The thin‑faced man hovering at the corner of the building that bordered the square before Notre Dame drew a deep breath and took a closer grip of the heavy package cradled in his arms. Vespers was concluded, and the faithful would be leaving the cathedral. Malet would be among them, and the man would be able to deliver the package and the message to him and be finally free of the fear that had gripped him since the moment that afternoon when Constant Dracquet had put the package and the message into his shrinking arms and told him to find Malet and deliver them.

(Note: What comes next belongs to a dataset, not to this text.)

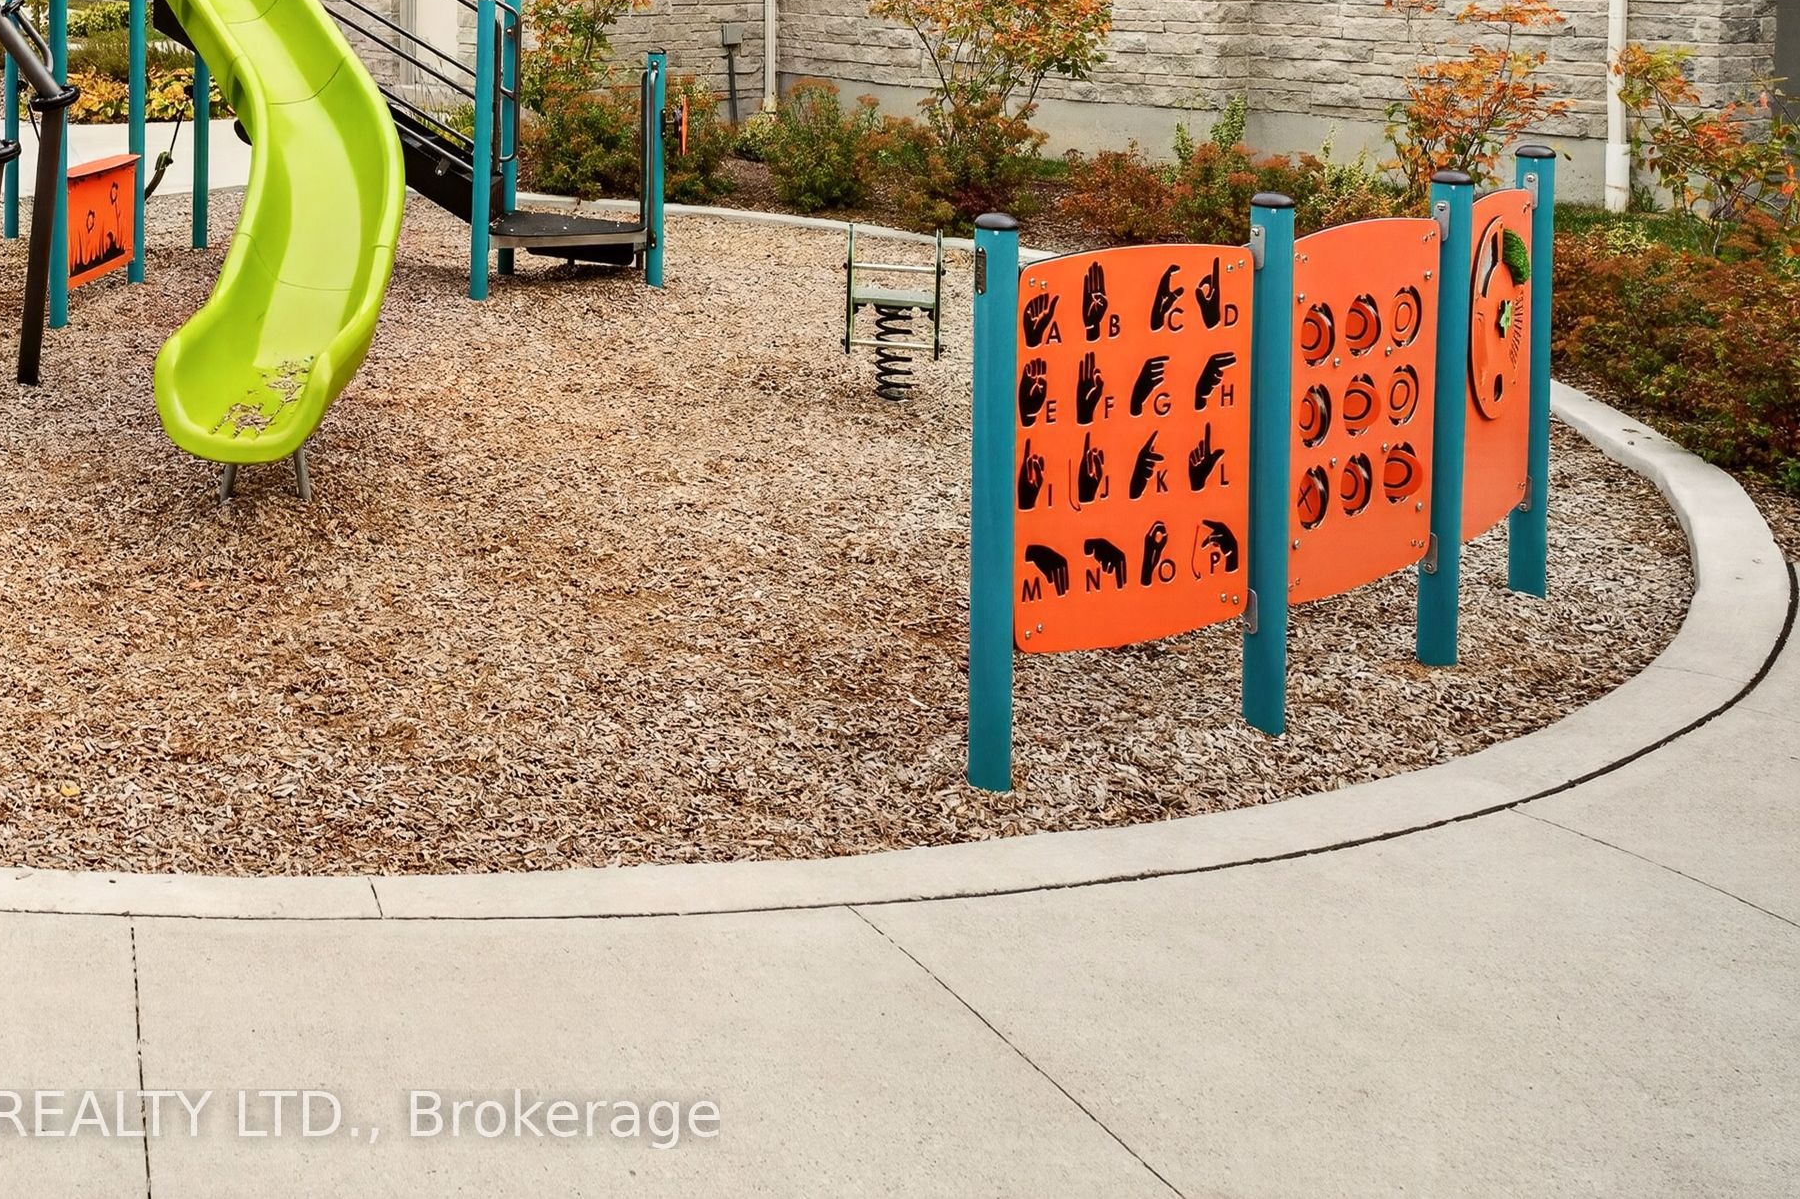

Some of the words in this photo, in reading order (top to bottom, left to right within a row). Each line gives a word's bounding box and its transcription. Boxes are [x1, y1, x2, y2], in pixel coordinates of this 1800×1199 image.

The messenger looked up at the facade of the cathedral. The great stained glass rose, glowing from the torchlight behind it, seemed to float above the triple portals that opened on the west. The Virgin was enthroned in the center with the Child on her knee, crowned and haloed, holding a scepter, surrounded by hues of sapphire and ruby. She seemed to be gazing reproachfully at him. The Child's hand was raised in blessing, but His head was turned away.
The messenger looked down from the window to the center portal. Torches, set in sconces to either side, threw the crowded carvings into stark light and shadow. Christ, enthroned in majesty, raised his hands above the last judgment of mankind. The dead, in the lowest register, stirred and jostled each other in their struggle to emerge from their tombs. Above them, the blessed turned adoring faces up toward Christ as the damned were led away in chains.